We will now begin the question and answer session. To ask a question, you may press star then 1 on your touchtone phone. If you are using a speakerphone, please pick up your handset before pressing the keys. To withdraw your question, please press star then 2. At this time, we will pause momentarily to assemble our roster. And our first question comes from John Bridges of J.P. Morgan. Please go ahead.
Good morning, Gary and everybody, and many congratulations on the results. Good to see some answers showing up from the sulfide project in Yanacocha. I was just wondering, to what extent is this the last word and to what extent is it a vehicle to attach on these you know, satellite or neighboring deposits, which look as if they can create nice synergies. How does that work?
I think I'll start off here and then hand over to Tom. When you look, this really just involves our Chaki Kocha deposit and part of the Verde deposit, which sits off to the side. But there's other satellite deposits, as you point out, John, that are not yet included in here because we're doing some additional exploration work. I don't know, Tom, if you've got anything to add.
Thanks Gary and John. John, one of the areas we're looking at for additional oxide is in the Chuckie Kocher Underground we're seeing some additional oxide that might help serve as a further bridge between oxides and sulphides at Yannick Kocher and also share some infrastructure in terms of the underground development for the Chuckie Kocher Underground. But there is quite extensive sulphide deposits across that existing operational footprint at Yannick Kocher. Vodayat and Pit Chakikotcher Underground represent phase one, but there are some other quite exciting deposits that serve to be able to feed in beyond that phase one stage of the project.
Yeah, I guess you're quite busy with other things at the moment, but are there any catalysts with respect to talking to neighbours about working other deposits into the infrastructure you've got there, the footprint?
I think that's one that we're open to, John, when it comes to Galeno and Michikei and how that might fit with Conga. But I think, like we're looking at with the Goldcorp transaction, when's the right time to bring those in, and we can look at proper sequencing and how that might work best.
Okay, great. I appreciate it. Thanks a lot, guys. Thanks, John.
Our next question comes from Matthew Murphy of Barclays. Please go ahead.
Morning. I'm just wondering what some of the comments on full potential and I guess there was some mention on costs playing a role in some of the reserve reduction. Just interested in what you're seeing generally in the industry on cost inflation and whether you still think you have enough you know, low-hanging fruit or, you know, potential to take cost out and continue to keep costs flat.
Thanks, Matthew.
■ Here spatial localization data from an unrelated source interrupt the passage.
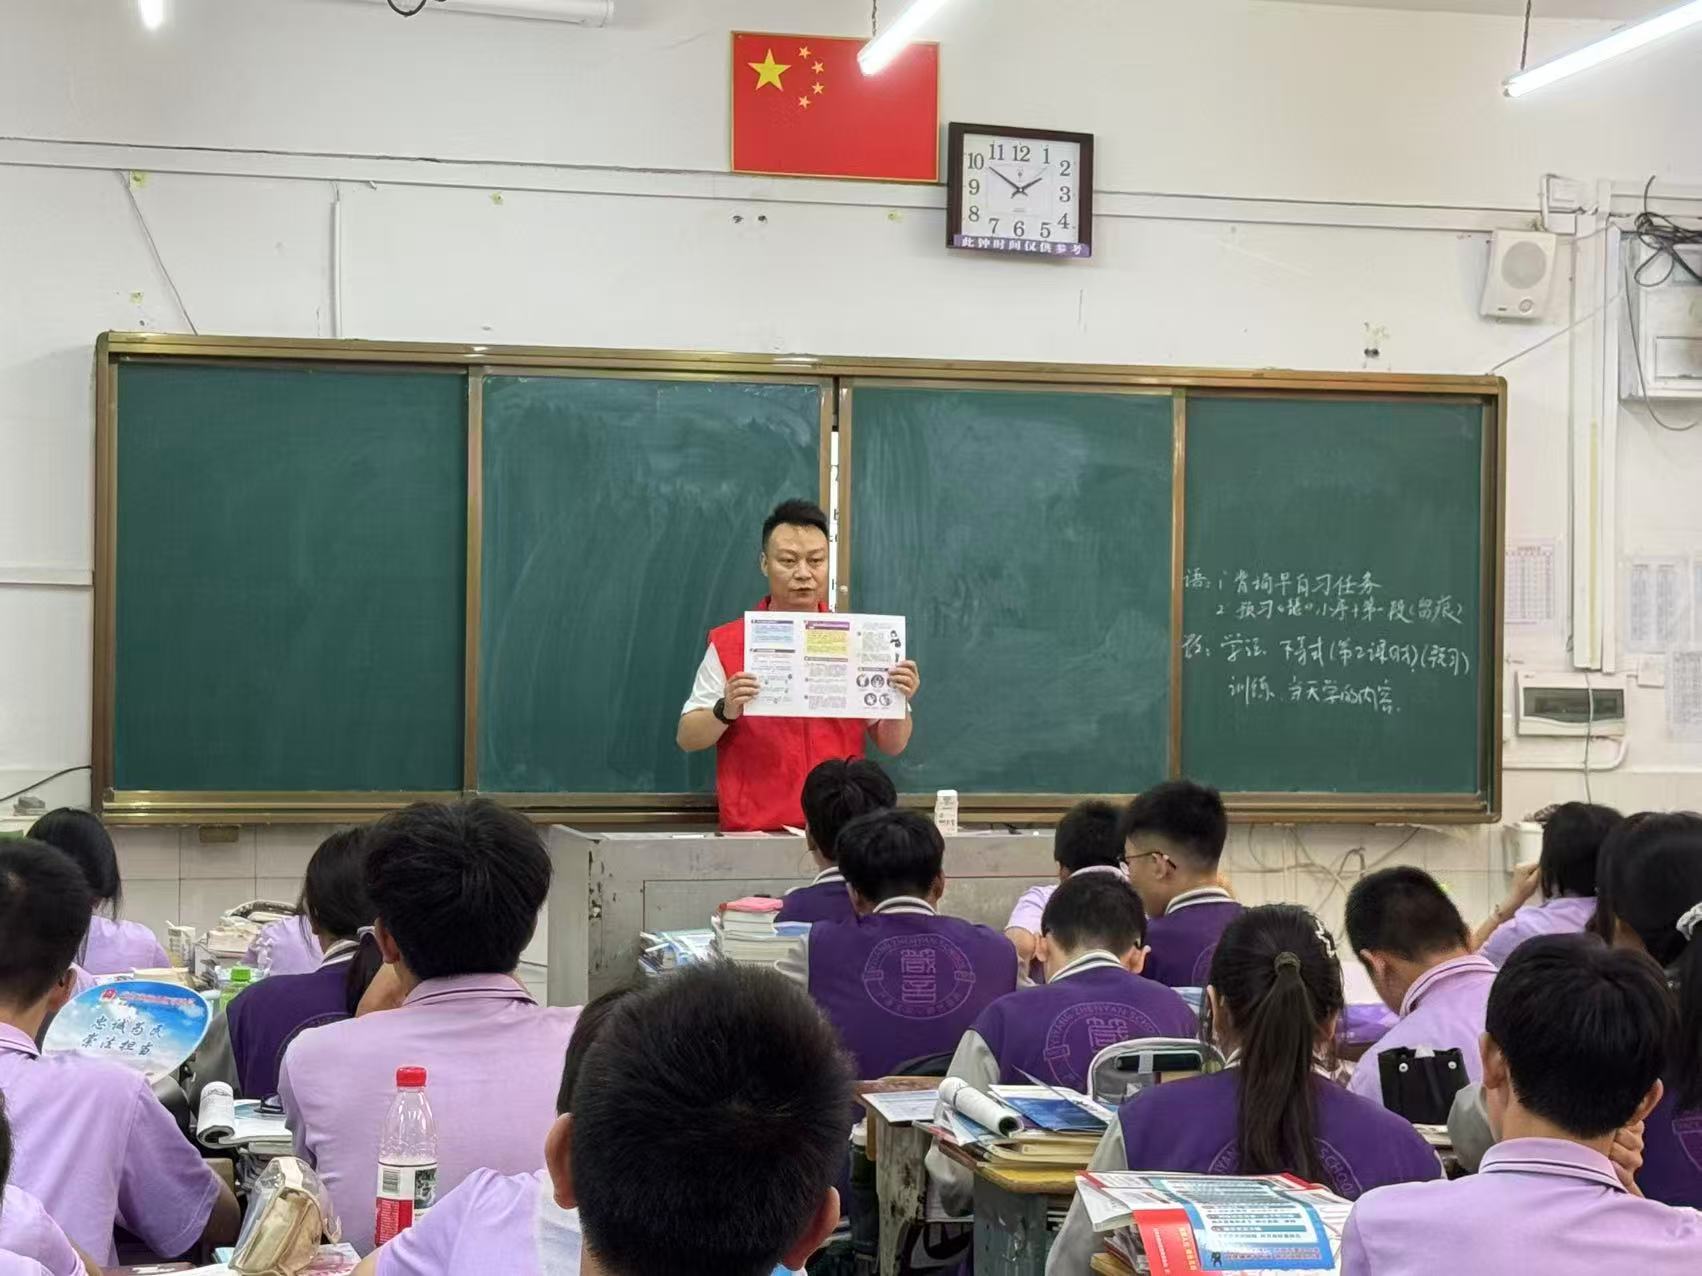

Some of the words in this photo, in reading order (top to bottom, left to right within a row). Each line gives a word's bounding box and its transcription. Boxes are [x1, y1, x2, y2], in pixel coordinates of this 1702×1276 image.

[989, 144, 1005, 160] 11
[1012, 145, 1030, 161] 12
[1043, 148, 1050, 164] 1
[967, 153, 984, 170] 10
[1059, 160, 1071, 176] 2
[969, 179, 980, 195] 9
[1059, 186, 1071, 202] 3
[968, 206, 980, 222] 8
[1057, 213, 1070, 229] 4
[988, 218, 1000, 234] 7
[1013, 221, 1025, 237] 6
[1039, 222, 1051, 238] 5
[961, 238, 1082, 254] 此钟时间仅供参考
Tom Palmer here. We are seeing some headwinds, say, in Australia in particular, where the iron ore market's heated up, so the labour market's warmed up in Australia. So seeing attrition a little bit higher. So we're seeing some headwinds in that area but our full potential program and the commitment each of our operating general managers make every year in their planning process is to offset inflation and we have assumptions for inflation built into our planning process to ensure that they have baked into their plans clear projects that can offset inflation as a minimum and then deliver beyond that and we've been able to do that Over the last several years, we see it in our plans going forward, and we're confident that we've still got a pipeline of projects that can continue to, at a minimum, offset inflation.
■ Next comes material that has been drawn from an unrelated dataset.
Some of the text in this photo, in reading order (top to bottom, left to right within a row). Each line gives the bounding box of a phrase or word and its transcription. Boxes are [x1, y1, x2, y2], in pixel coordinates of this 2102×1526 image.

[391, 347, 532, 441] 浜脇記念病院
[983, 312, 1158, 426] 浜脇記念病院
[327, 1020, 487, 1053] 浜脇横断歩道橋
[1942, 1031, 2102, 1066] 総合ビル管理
Okay, thanks a lot. And then just a quick, highly specific one. Sorry, hopefully this doesn't put you on the spot, but we were just trying to reconcile the CC&V mill production in Q4. It looked like it was double inflation. roughly what would be implied from throughput, grade recovery, etc. Does that have something to do with drawing down stockpiles or something?
That is linked to the concentrates we now produce at CCMV that we had been stockpiling whilst we got our logistics process in place to ship them to Carlin's Mill 6. and we drew down all of those concentrates that we'd stockpiled through the year. So what you're seeing in the fourth quarter is all of that concentrate reproduced through 2018 getting processed through Carlin's MIL-6 at improved recovery than what you would have seen at CCMV's MIL-6 and helping contribute to improved recoveries in Carlin's MIL-6. So that's what you're seeing in those numbers for CCMV in the fourth quarter.
Great, thanks.
Our next question comes from Chris Terry of Deutsche Bank. Please go ahead.
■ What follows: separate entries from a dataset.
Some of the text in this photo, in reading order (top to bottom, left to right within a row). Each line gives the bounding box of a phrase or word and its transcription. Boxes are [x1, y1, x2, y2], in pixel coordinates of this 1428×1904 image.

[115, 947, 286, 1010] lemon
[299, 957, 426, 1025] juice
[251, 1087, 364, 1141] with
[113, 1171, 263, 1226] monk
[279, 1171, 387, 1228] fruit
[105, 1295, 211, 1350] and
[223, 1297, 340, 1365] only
Hi, Gary, Tom and Nancy. Thanks for taking my questions. The first one I had is just how we think about the progression of this year. So if the deal is to close in 2Q, would you expect that you would then give combined guidance shortly after that for the company and would it also include say three to five years out as well, or will that take some time? The second question I had is just around the proxies that have been announced. Just trying to reconcile some of the CAPEX numbers that you provided in December and the numbers that are given there for Goldcorp and for Newmont. Just struggling to square a couple of the numbers. Maybe you could just step through what's in those proxy CAPEX numbers in particular. Thanks.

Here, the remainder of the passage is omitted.